■ Records from a dataset

○ ○ ○ ○ ○ ○ ○

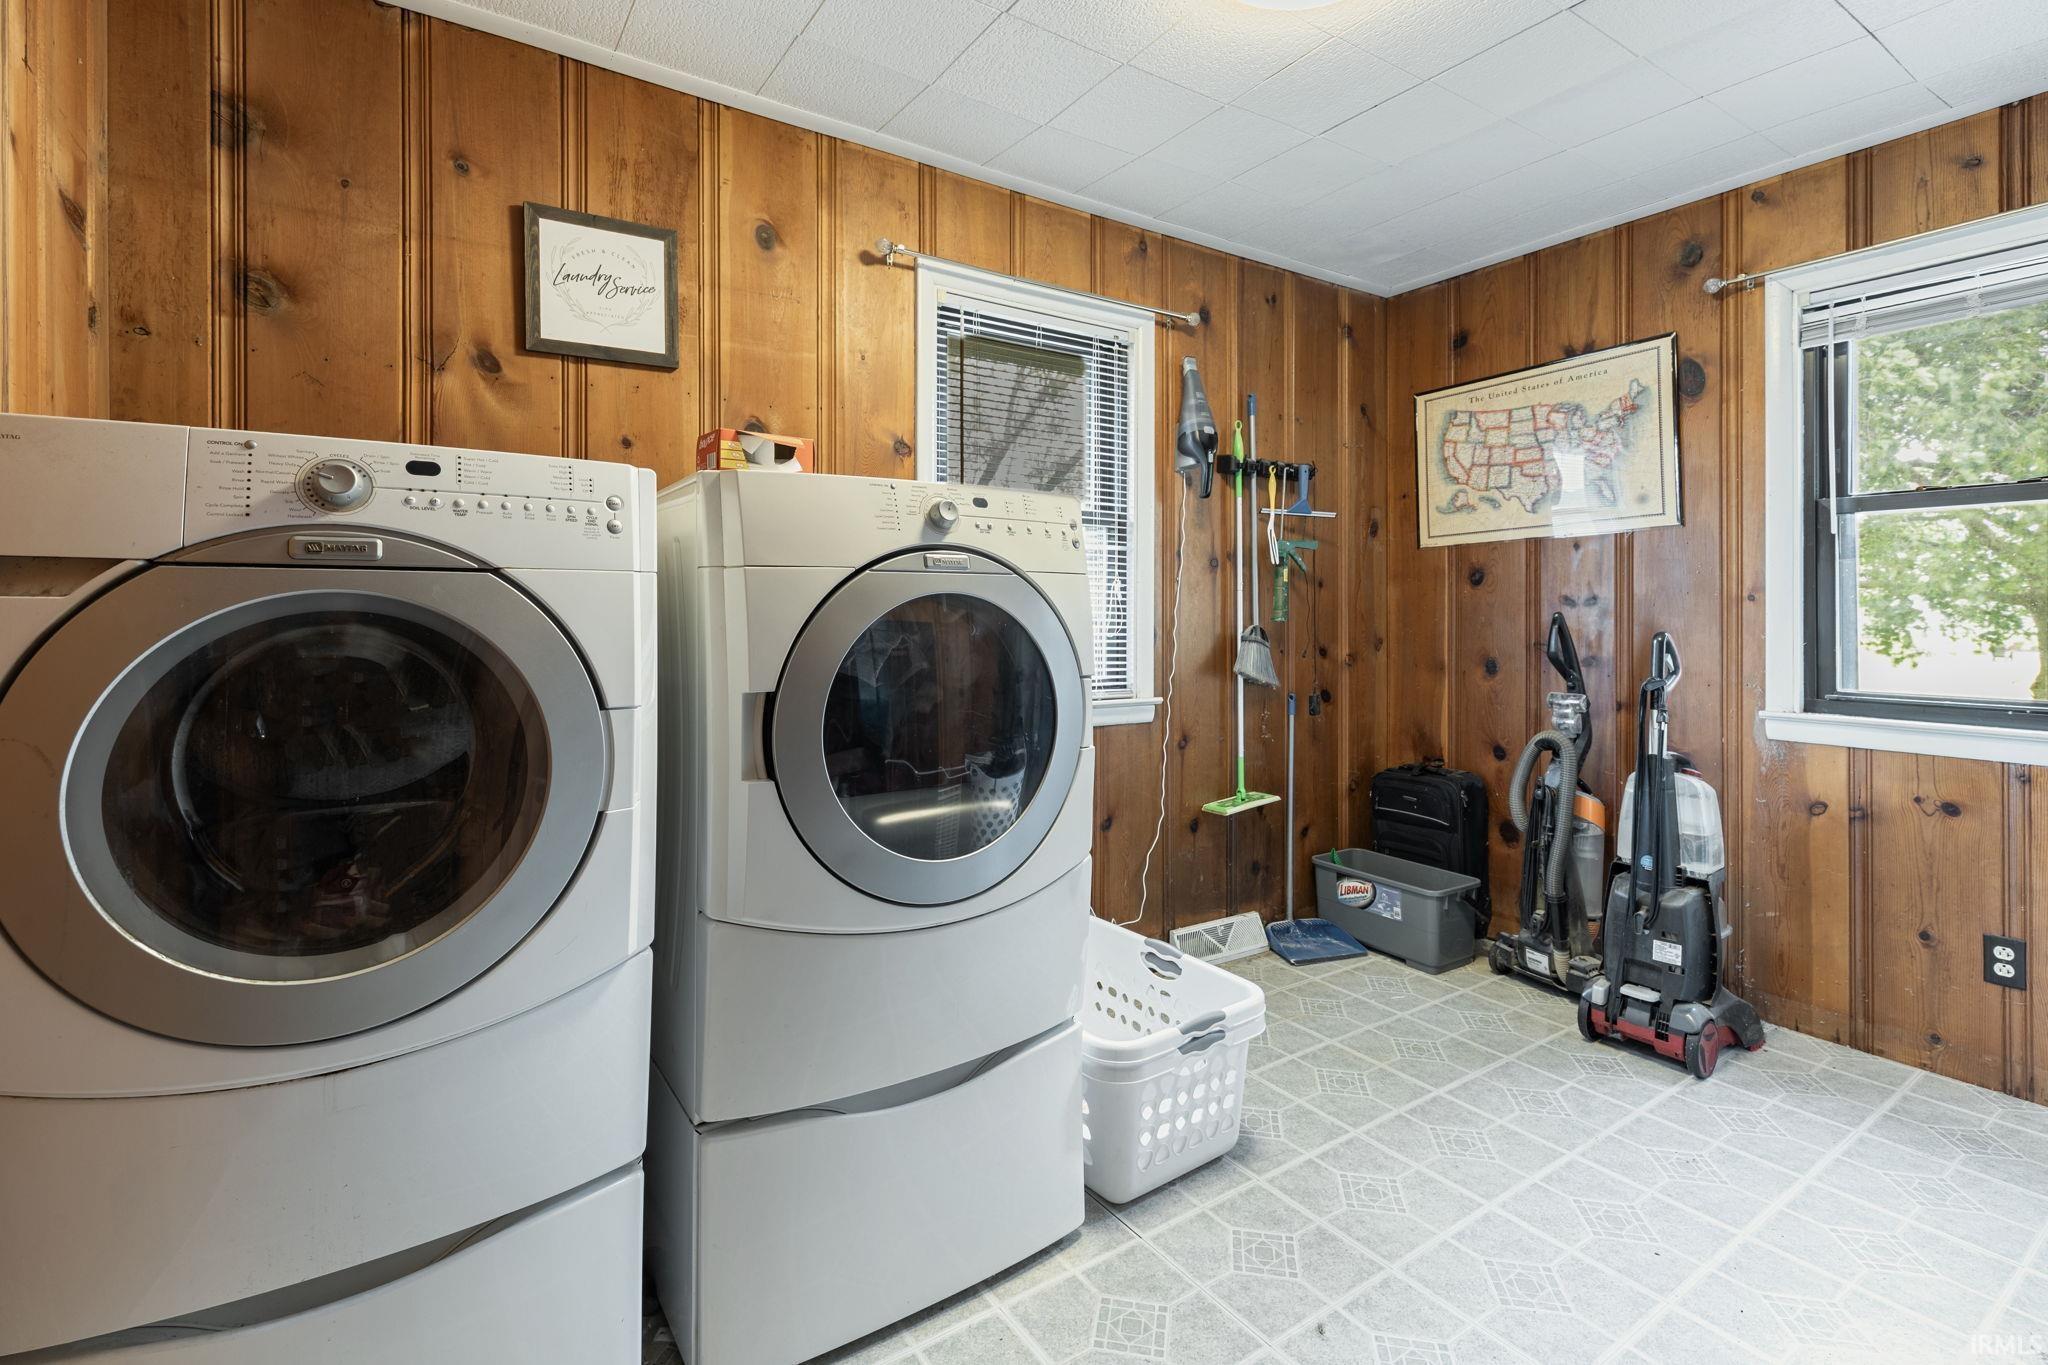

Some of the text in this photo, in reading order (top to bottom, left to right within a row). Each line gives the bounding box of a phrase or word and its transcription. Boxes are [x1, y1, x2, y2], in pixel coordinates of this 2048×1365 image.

[552, 262, 656, 300] Laundry Service
[1468, 369, 1608, 404] The United States of America
[323, 543, 369, 553] MAYTAG
[1340, 884, 1369, 896] LIBMAN

○ ○ ○ ○ ○ ○ ○

■ Task brief
Reproduce all entries above exactly, minus the images.

■ Solution for this problem
Some of the text in this photo, in reading order (top to bottom, left to right within a row). Each line gives the bounding box of a phrase or word and its transcription. Boxes are [x1, y1, x2, y2], in pixel coordinates of this 2048×1365 image.

[552, 262, 656, 300] Laundry Service
[1468, 369, 1608, 404] The United States of America
[323, 543, 369, 553] MAYTAG
[1340, 884, 1369, 896] LIBMAN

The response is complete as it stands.